Kaily, I'm sorry that happened to you. All of it. I'm not sure how to 'resolve' that old stuff that still wants to haunt us, but maybe we can work on figuring it out together. Therapy didn't reopen the wounds; it 'only' cracked open the tightly sealed box containing those wounds. We didn't touch anything regarding childhood during the triggery session, but it was hovering right there over our heads. Because I'd given my permission, even requested, to discuss 'the trauma' now. In the aftermath, a friend suggested that I take a look at Alice Miller's writing. I've just started on her book, "For Your Own Good." I'm not even beyond the preface yet and have already made good use of my highlighter. The way she talks about the perpetuation of abuse makes a lot of sense to me - at least so far. Have you read it?

Thanks, silentrun. You are probably just as INFP as I am.
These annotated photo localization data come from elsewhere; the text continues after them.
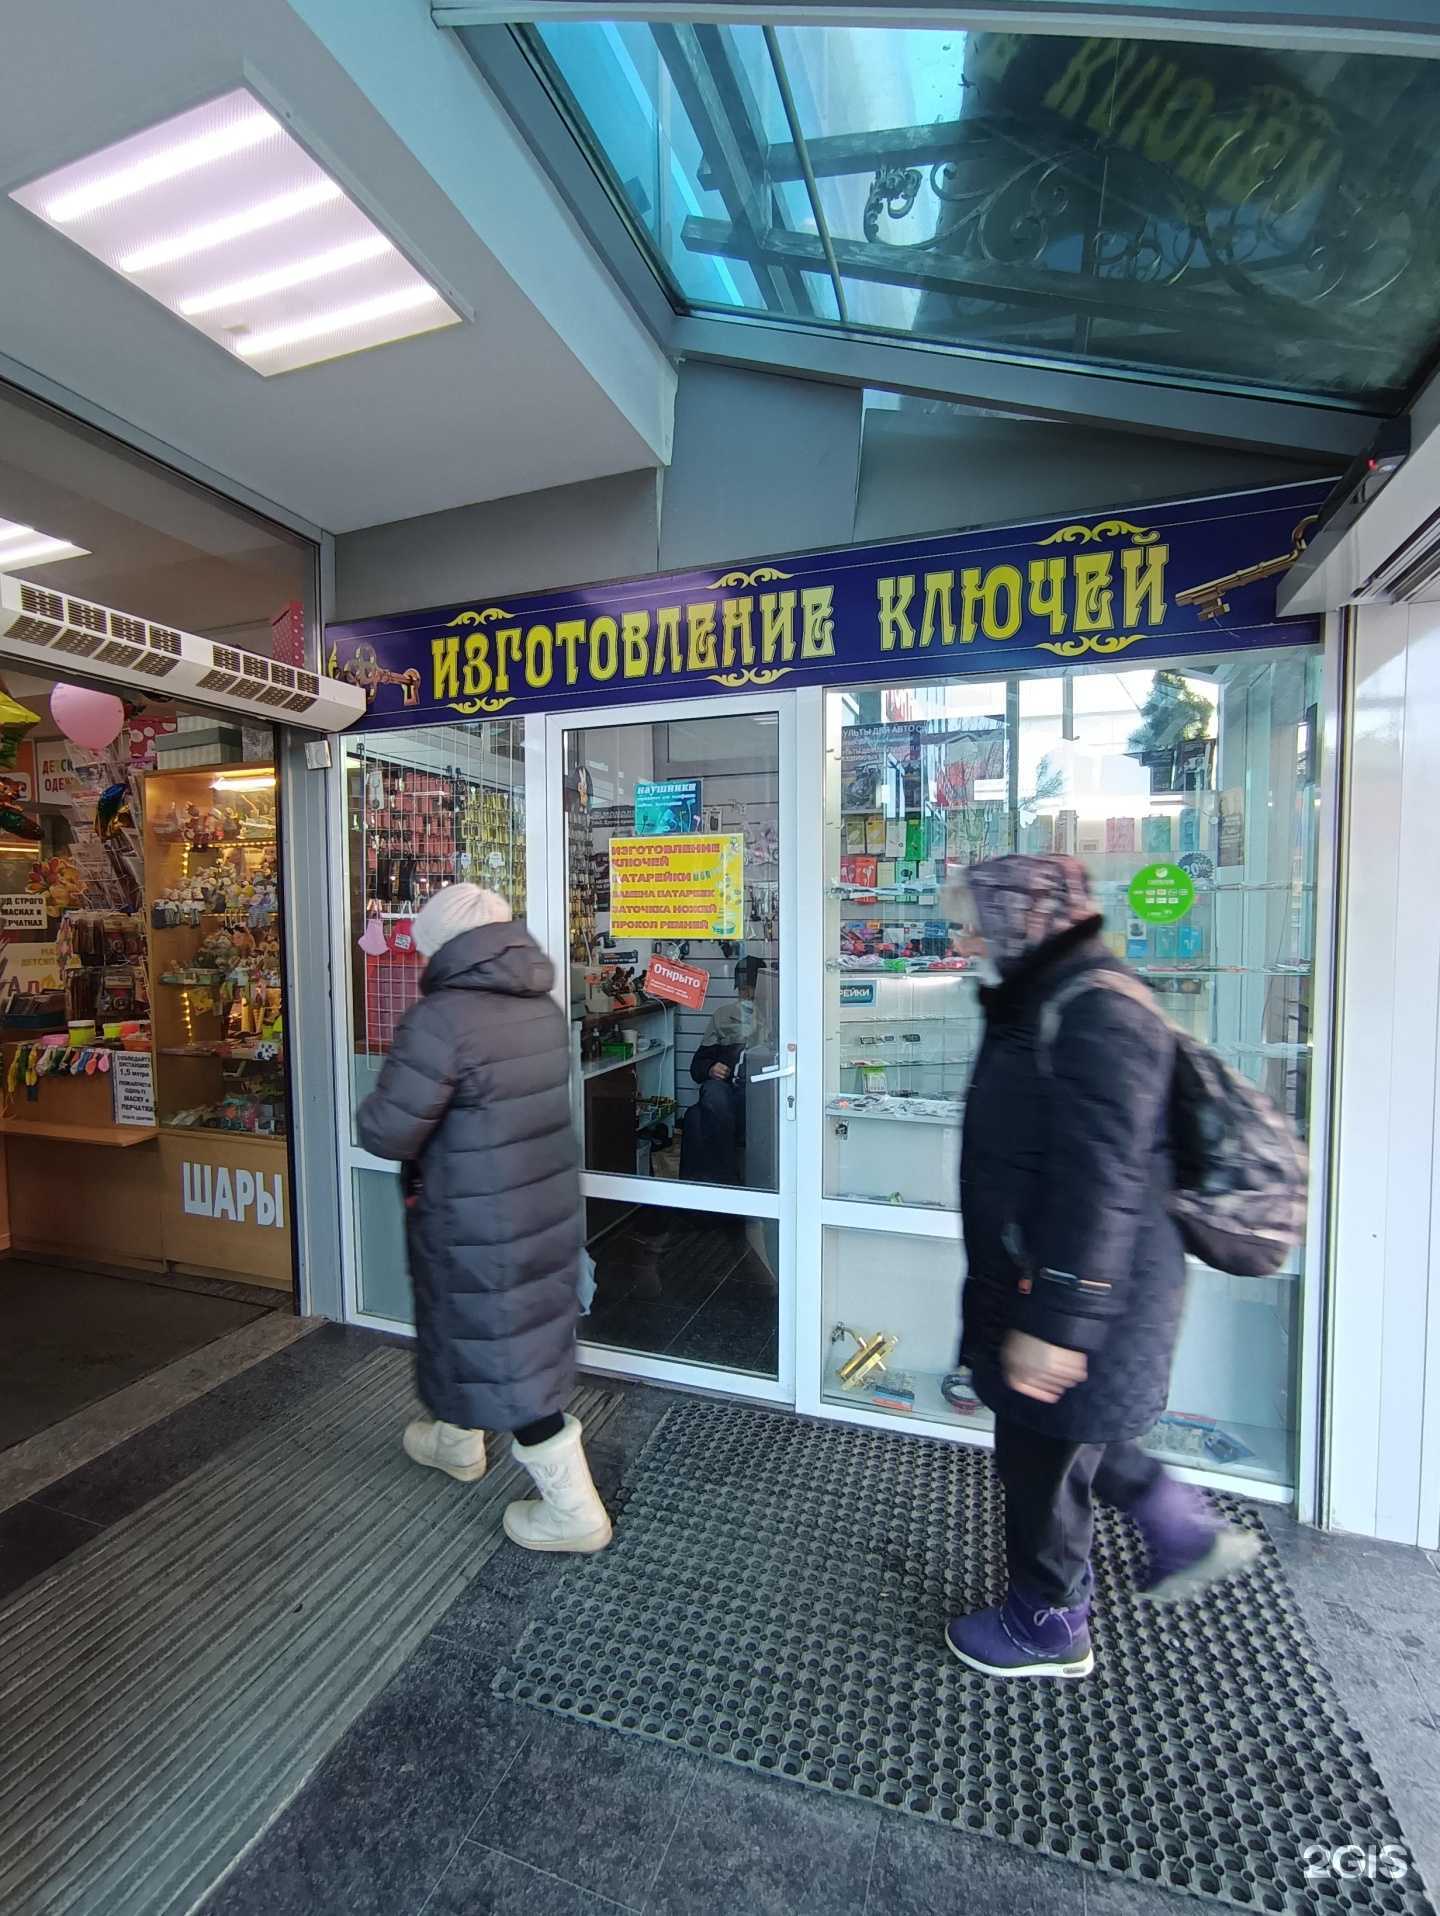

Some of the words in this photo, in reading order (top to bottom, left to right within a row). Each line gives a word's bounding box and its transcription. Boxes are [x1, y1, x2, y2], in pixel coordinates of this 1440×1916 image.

[431, 584, 836, 700] ИЗГОТОВЛЕНИЕ
[877, 530, 1170, 651] КЛЮЧЕЙ
[611, 843, 721, 856] ИЗГОТОВЛЕНИЕ
[611, 920, 658, 929] ПРОКОЛ
[654, 962, 701, 989] Открыто
[183, 1161, 284, 1228] ШАРЫ
I just learned that giving the backstory before delivering my conclusion is pretty obnoxious for most. People have tried to tell me about this in any number of ways, but I never took it in. (In part because people don't say what they mean - you know? They hide messages in accusations. "You think too much," "You are using intellectualization as avoidance," "You think you're better than everyone else." "You always have an excuse.") I was really vested in the idea that if "you" understood where I was coming from, you would understand how I got to where I am. Now I know that it's probably better for (most) people if I state the conclusion first, then back up to clarify if the listener requests more information. Feels less efficient to me, but ok, I can do that. Or at least try to remember to do that.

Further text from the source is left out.